The SEC has provided guidance on the application of some of the non-exclusive methods of verifying accredited status. To wit: related to jointly held property, assets in an account or property held jointly with a person who is not the purchaser’s spouse may be included in the calculation for the accredited investor net worth test, but only to the extent of his or her percentage ownership of the account or property. Where the most recent tax return is not available but the two years prior are, a company may rely on the available returns together with a written representation from the purchaser that (i) an Internal Revenue Service form that reports the purchaser’s income for the recently completed year is not available, (ii) specifies the amount of income the purchaser received for the recently completed year and that such amount reached the level needed to qualify as an accredited investor, and (iii) the purchaser has a reasonable expectation of reaching the requisite income level for the current year. However, if the evidence is at all questionable, further inquiry should be made.
The new rule release reaffirms that the rule is meant to be principles-based and that by offering suggested methods of verification, the SEC is not discouraging any reasonable methods a company may deem appropriate. Companies are encouraged to consider (i) the nature of the purchaser and the type of accredited investor that the purchaser claims to be; (ii) the amount and type of information that the company has about the purchaser; and (iii) the nature of the offering, such as the manner in which the purchaser was solicited to participate in the offering, and the terms of the offering, such as a minimum investment amount.
Rule 506(b); Harmonization of Disclosure Requirements
Rule 506(b) has scaled disclosure requirements based on the size of the offering, where unaccredited investors are included. Prior to the amendments, the scaled requirements were broken into 4 categories. The amended rules update the information requirements for investors under Rule 506(b) where any unaccredited investors are solicited to align with information required under Regulation A. For Rule 506(b) offerings up to $20 million, the same financial information that is required for Tier 1 Regulation A offerings, is now required. For offerings greater than $20 million, the same financial information that is required for Tier 2 Regulation A offerings is now required.
In standardizing the 506(b) and Regulation A disclosures, the SEC has eliminated the ability to only provide a balance sheet where a company has trouble getting financial statements when conducting a Rule 506(b) offering. Foreign private issuers may provide the financial information in either U.S. GAAP or IFRS as would be permitted in a registration statement.

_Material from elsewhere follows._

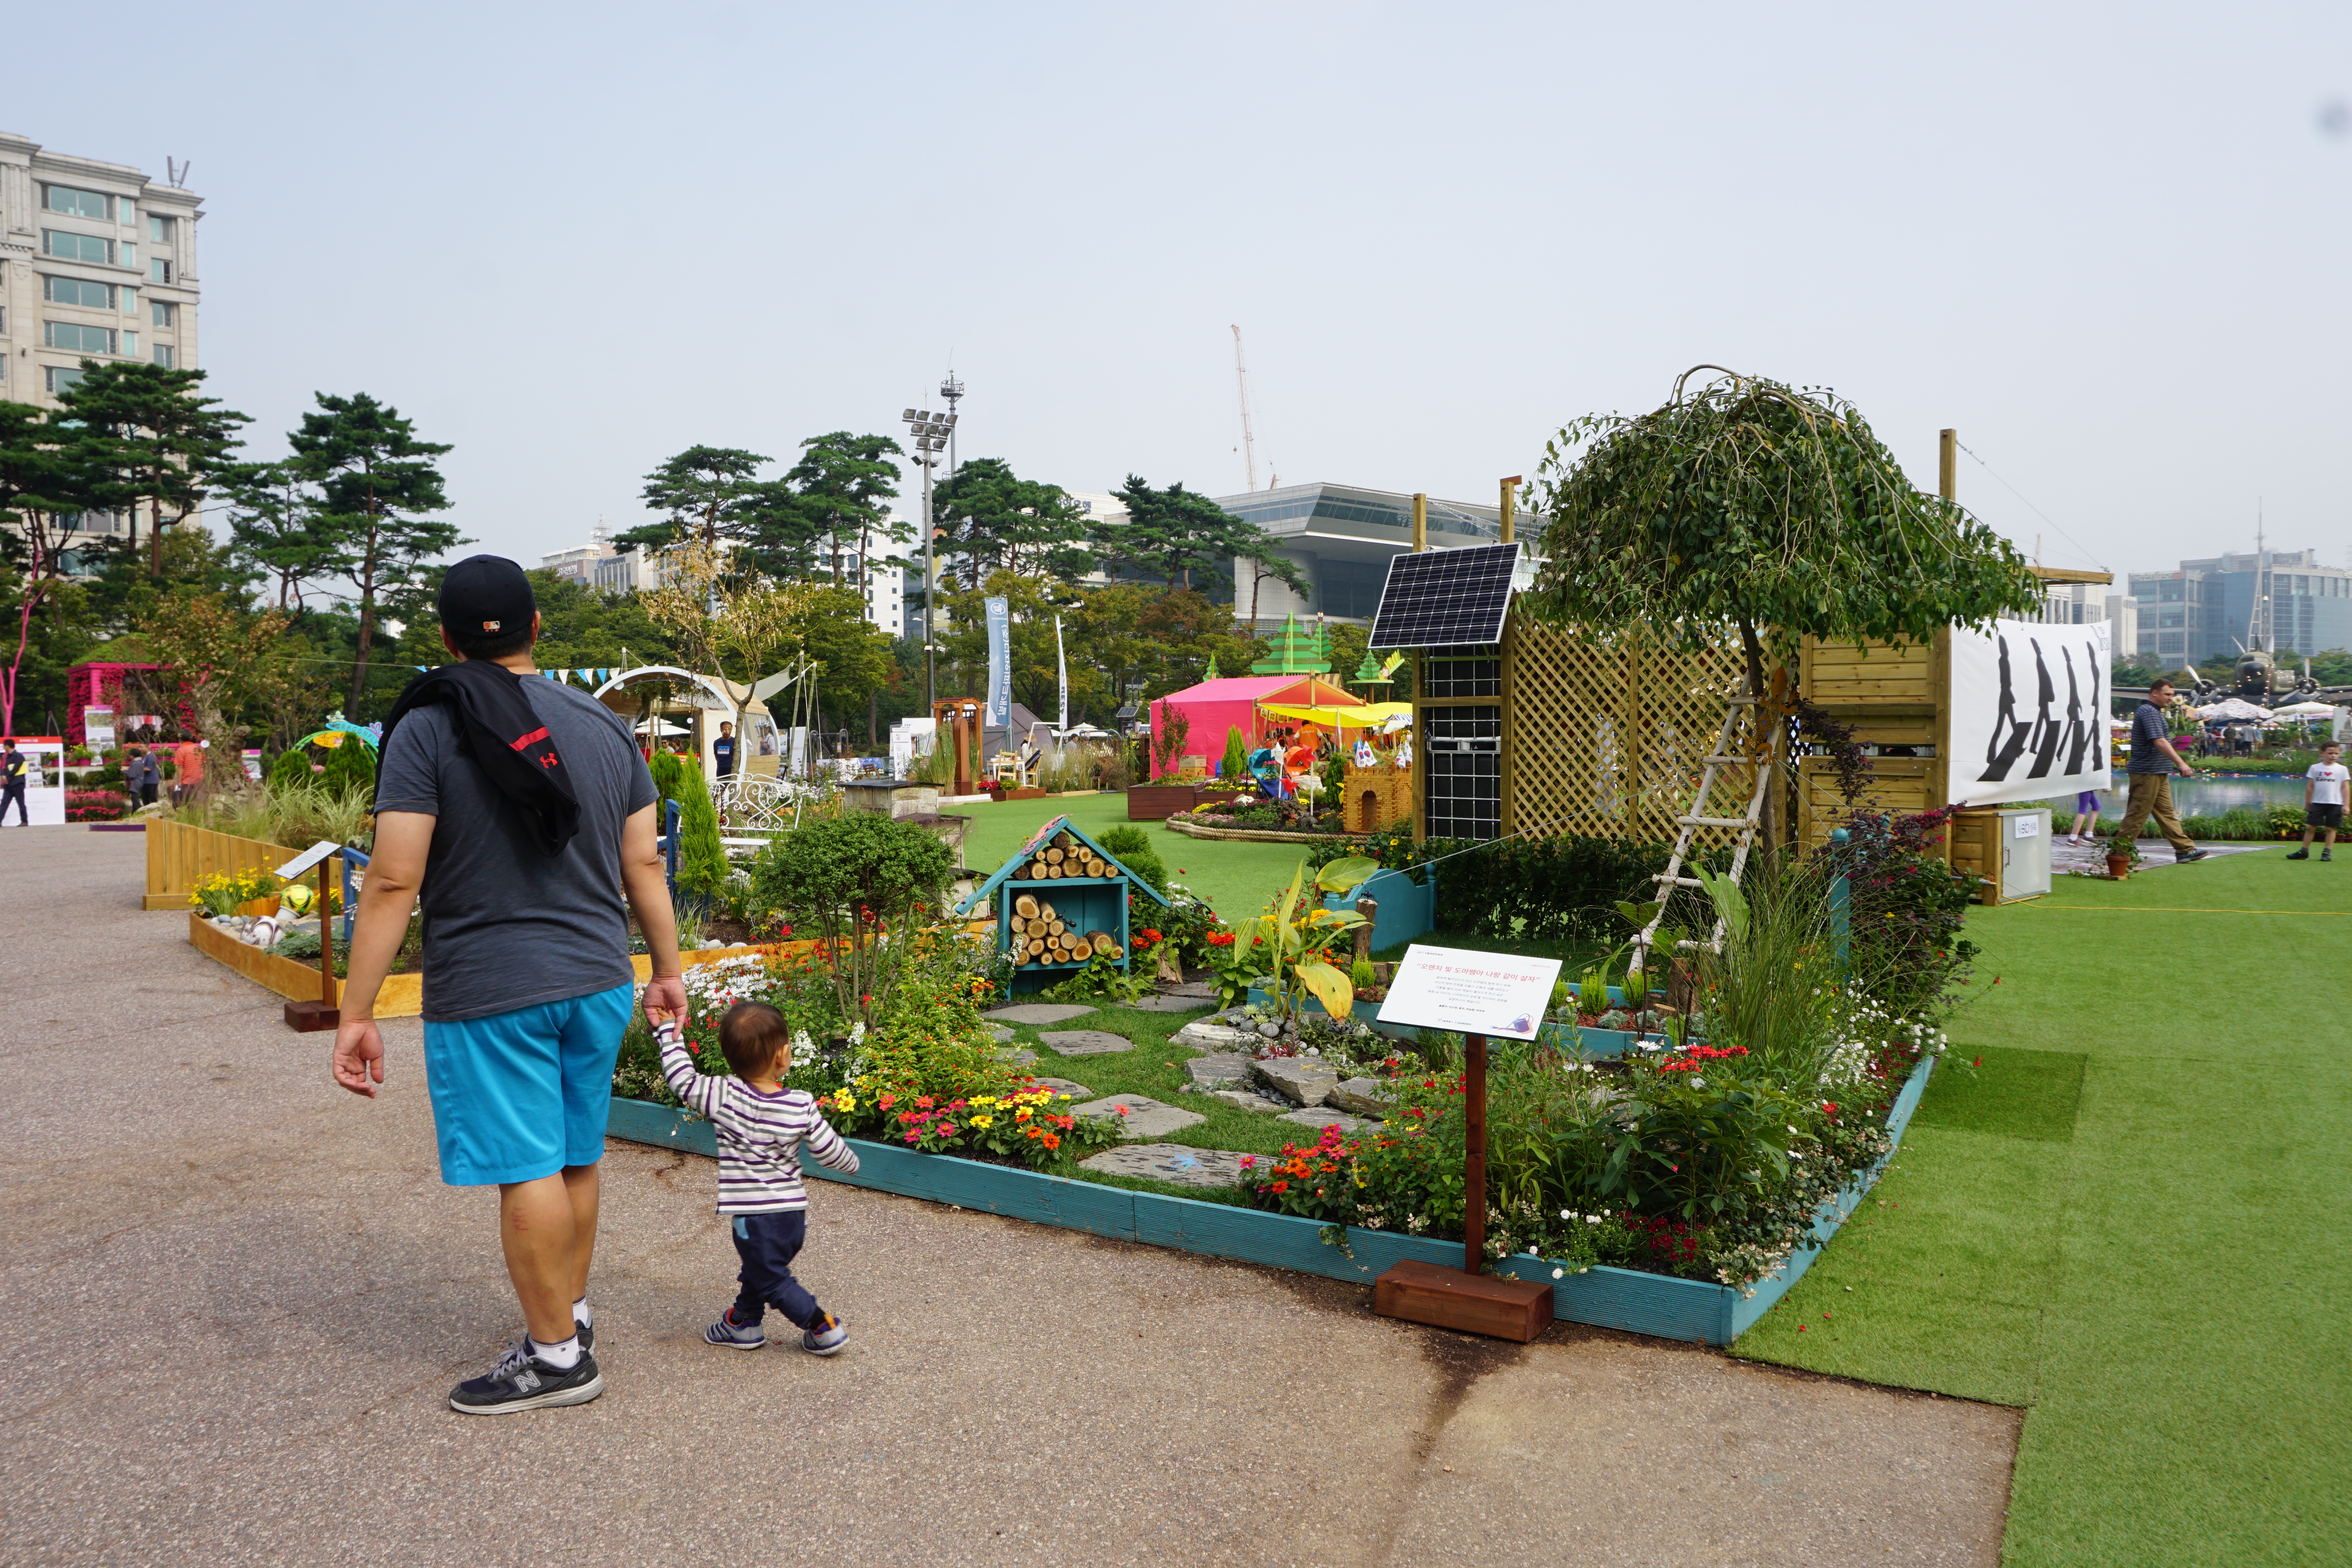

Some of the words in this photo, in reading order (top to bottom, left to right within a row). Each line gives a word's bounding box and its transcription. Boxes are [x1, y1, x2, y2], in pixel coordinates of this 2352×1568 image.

If the company is not subject to the Exchange Act reporting requirements, it must also furnish the non-financial statement information required by Part II of Form 1-A or Part I of a Securities Act registration statement on a form that the issuer would be eligible to use (usually Form S-1). If the company is subject to the Exchange Act reporting requirements, it must provide its definitive proxy with annual report, or its most recent Form 10-K. These information requirements only apply where non-accredited investors will be solicited to participate in the offering.
Finally, as mentioned in Part I of this blog series related to integration where an issuer conducts more than one offering under Rule 506(b), the number of non-accredited investors purchasing in all such offerings within 90 calendar days of each other is limited to 35.
Rule 504
On October 26, 2016, the SEC passed new rules to modernize intrastate and regional securities offerings. The final new rules amended Rule 147 to allow companies to continue to conduct intrastate offerings under Section 3(a)(11) of the Securities Act and created a new Rule 147A to accommodate adopted state intrastate crowdfunding provisions. Rule 147A allows intrastate offerings to access out-of-state residents and companies that are incorporated out of state, but that conduct business in the state in which the offering is being conducted. At that time, the SEC also amended Rule 504 of Regulation D to increase the aggregate offering amount from $1 million to $5 million and to add bad-actor disqualifications from reliance on the rule. For more on the 2016 rule amendments, see HERE.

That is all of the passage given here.